MATERIAL PROVIDED Block Start
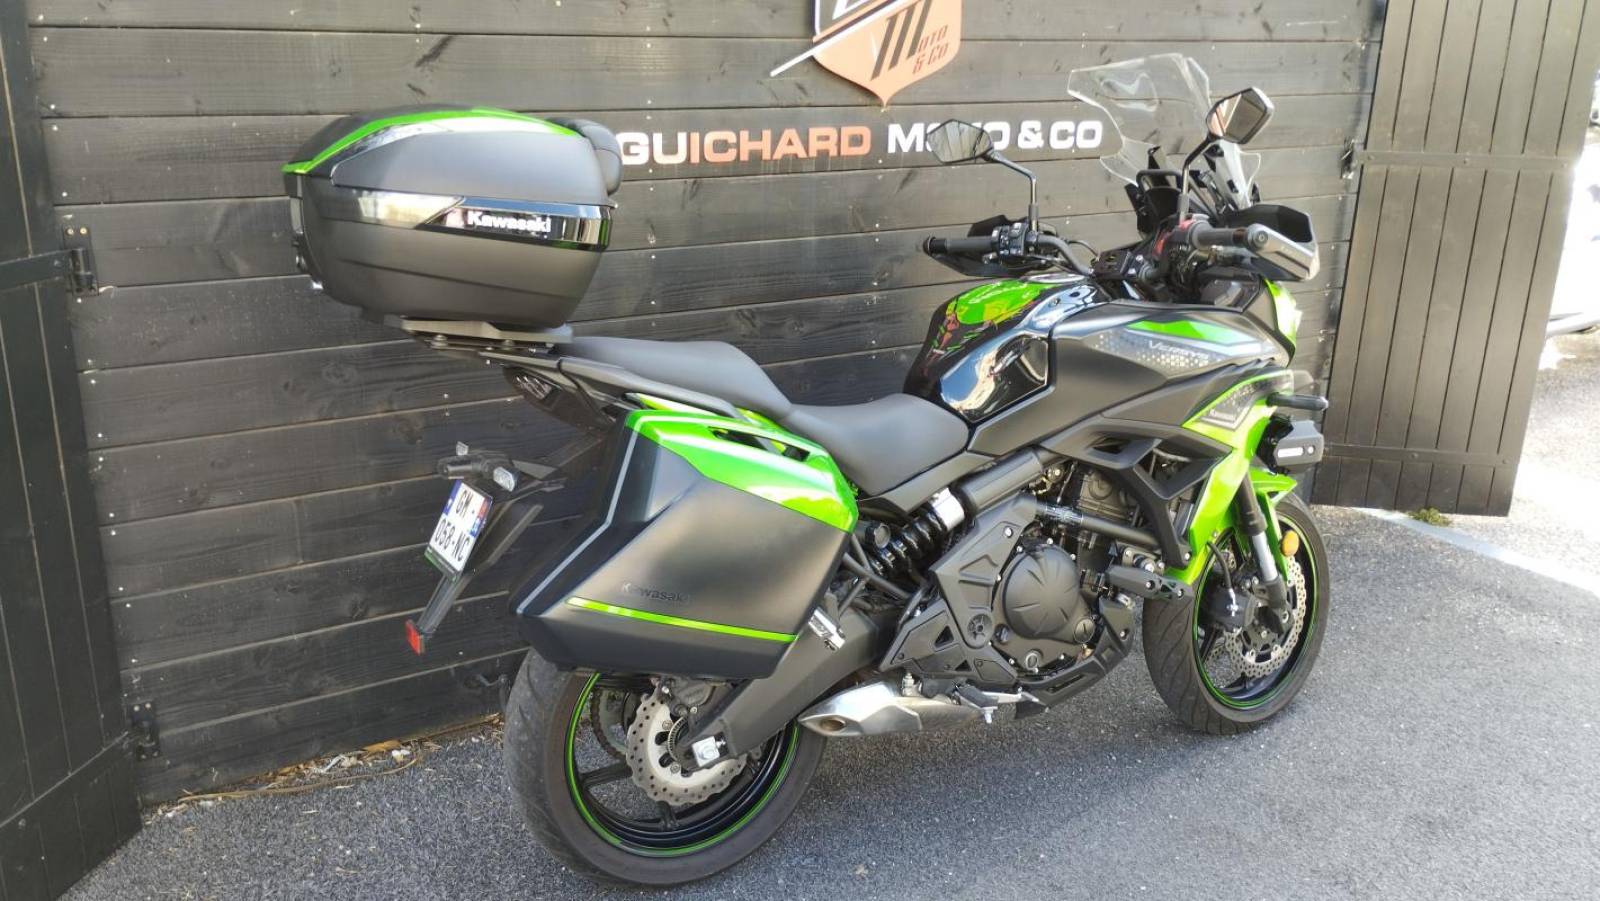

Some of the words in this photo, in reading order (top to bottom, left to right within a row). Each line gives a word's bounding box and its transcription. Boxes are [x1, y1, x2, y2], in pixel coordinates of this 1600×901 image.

[615, 126, 872, 165] GUICHARD
[1049, 120, 1103, 149] CO
[467, 210, 551, 233] Kawasaki
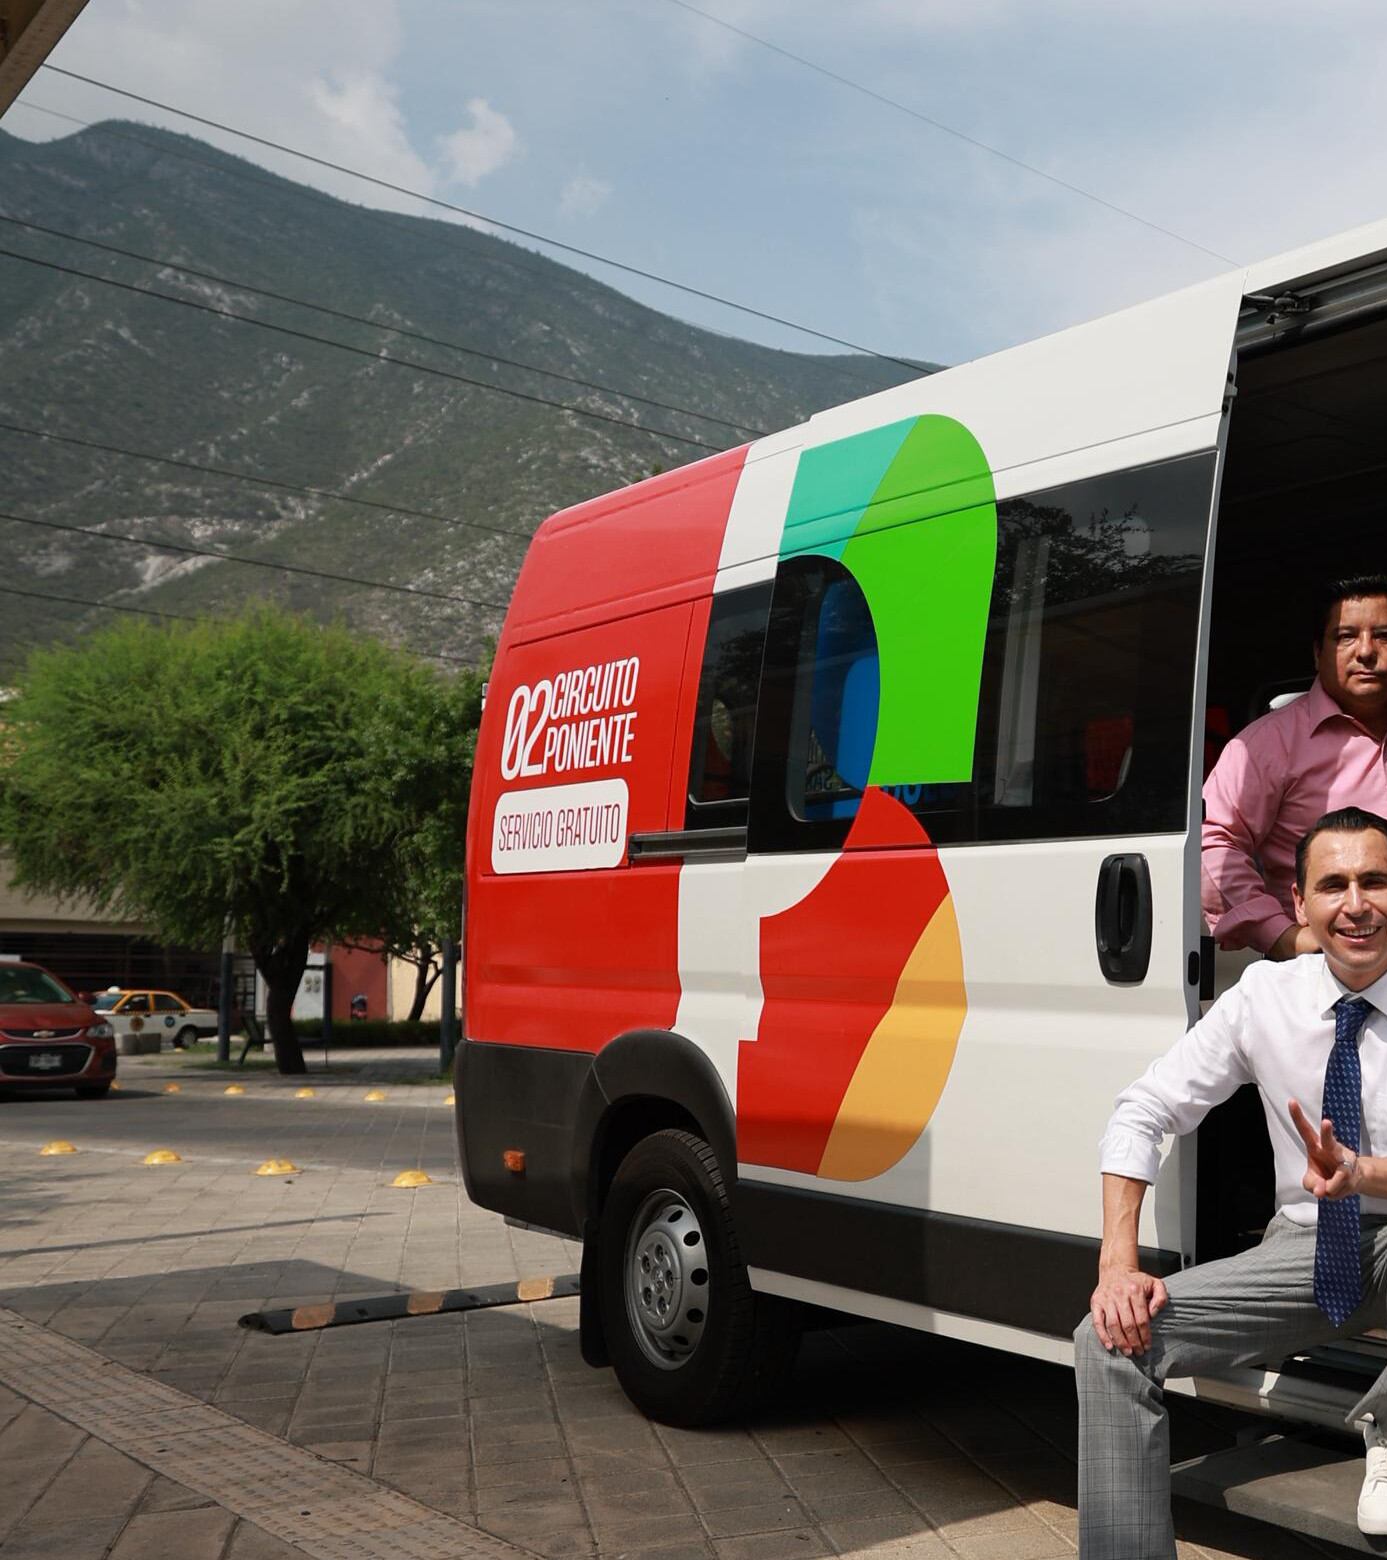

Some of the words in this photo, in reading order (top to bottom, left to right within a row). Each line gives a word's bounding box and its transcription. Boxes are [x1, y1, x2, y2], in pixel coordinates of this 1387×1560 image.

[549, 656, 640, 720] CIRCUITO
[500, 679, 553, 781] 02
[542, 712, 637, 774] PONIENTE
[498, 811, 552, 852] SERVICIO
[555, 803, 621, 847] GRATUITO
MATERIAL PROVIDED Block End
* TASK:
Go through the material and set it down again exactly, but without any pictures.

* SOLUTION:
Some of the words in this photo, in reading order (top to bottom, left to right within a row). Each line gives a word's bounding box and its transcription. Boxes are [x1, y1, x2, y2], in pixel coordinates of this 1600×901 image.

[615, 126, 872, 165] GUICHARD
[1049, 120, 1103, 149] CO
[467, 210, 551, 233] Kawasaki

Some of the words in this photo, in reading order (top to bottom, left to right within a row). Each line gives a word's bounding box and its transcription. Boxes are [x1, y1, x2, y2], in pixel coordinates of this 1387×1560 image.

[549, 656, 640, 720] CIRCUITO
[500, 679, 553, 781] 02
[542, 712, 637, 774] PONIENTE
[498, 811, 552, 852] SERVICIO
[555, 803, 621, 847] GRATUITO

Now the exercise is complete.